-- RECORDS FOR PROCESSING follows --
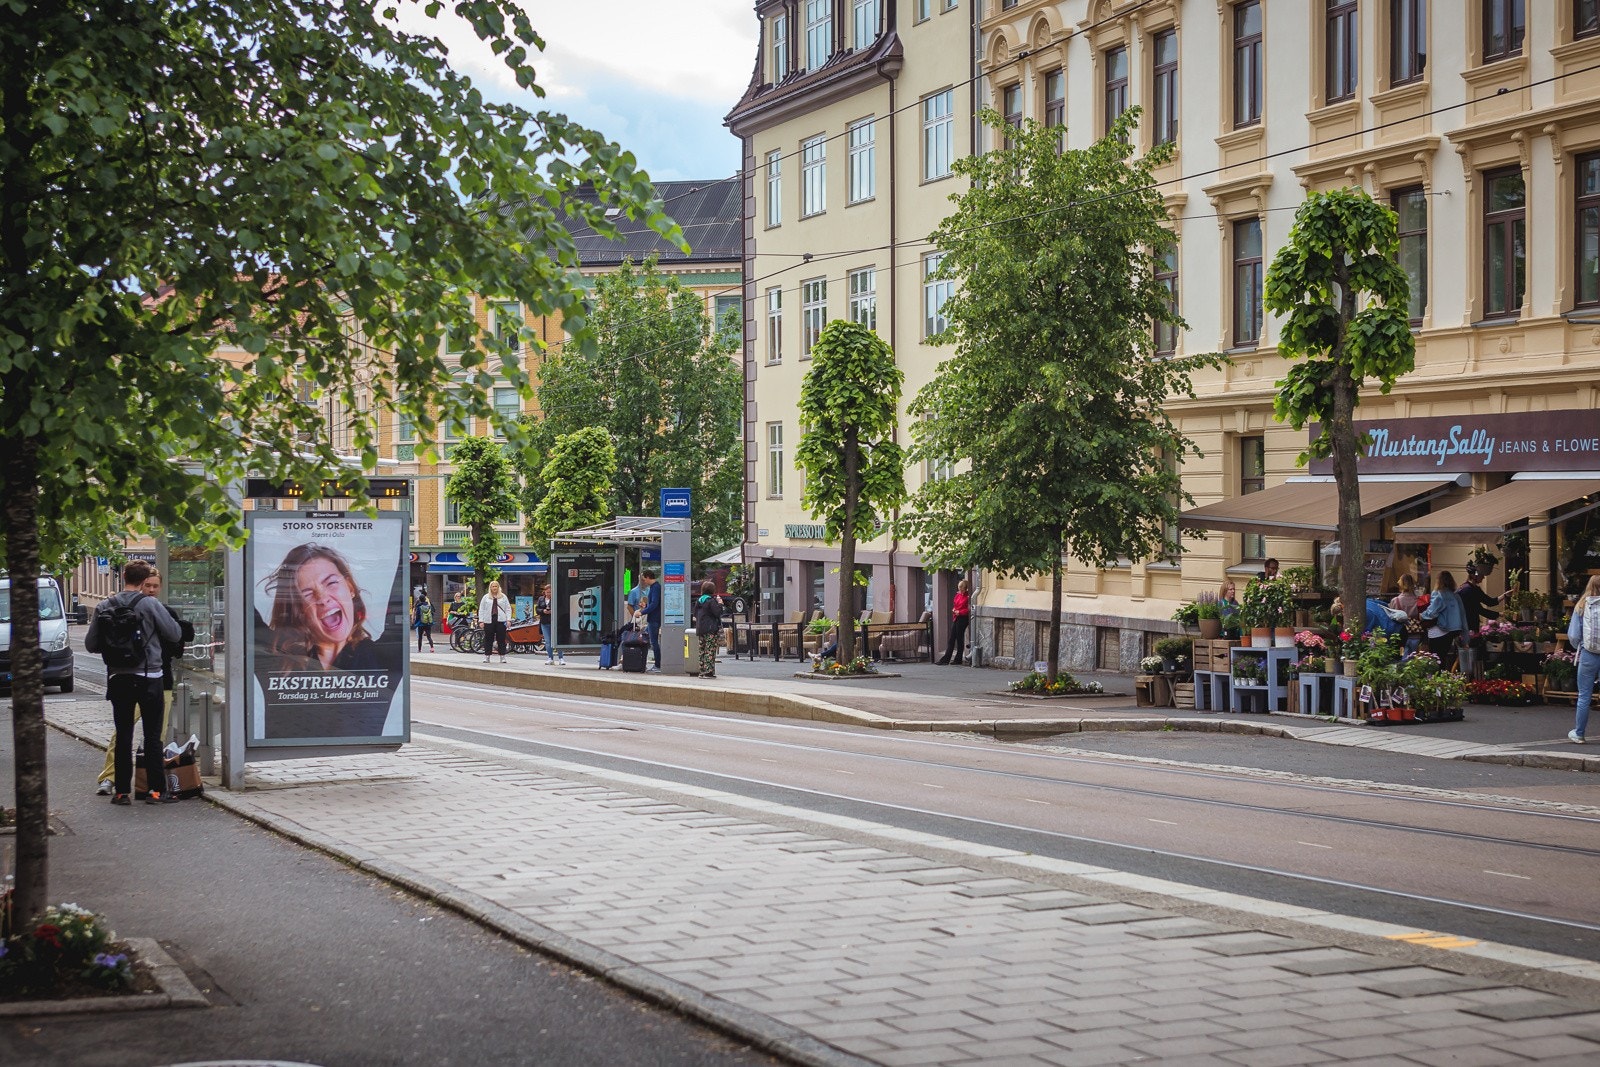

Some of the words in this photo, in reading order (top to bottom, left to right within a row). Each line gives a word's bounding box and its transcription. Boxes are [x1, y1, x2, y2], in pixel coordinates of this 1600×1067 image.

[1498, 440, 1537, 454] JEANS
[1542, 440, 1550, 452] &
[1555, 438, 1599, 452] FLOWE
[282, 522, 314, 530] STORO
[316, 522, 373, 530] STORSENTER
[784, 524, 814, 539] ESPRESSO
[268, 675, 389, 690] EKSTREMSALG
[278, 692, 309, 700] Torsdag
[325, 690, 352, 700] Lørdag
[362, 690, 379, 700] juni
-- RECORDS FOR PROCESSING concluded --
» ASSIGNED TASK
The records above should be repeated exactly, with every picture omitted.

» SOLUTION FOR THIS PROBLEM
Some of the words in this photo, in reading order (top to bottom, left to right within a row). Each line gives a word's bounding box and its transcription. Boxes are [x1, y1, x2, y2], in pixel coordinates of this 1600×1067 image.

[1498, 440, 1537, 454] JEANS
[1542, 440, 1550, 452] &
[1555, 438, 1599, 452] FLOWE
[282, 522, 314, 530] STORO
[316, 522, 373, 530] STORSENTER
[784, 524, 814, 539] ESPRESSO
[268, 675, 389, 690] EKSTREMSALG
[278, 692, 309, 700] Torsdag
[325, 690, 352, 700] Lørdag
[362, 690, 379, 700] juni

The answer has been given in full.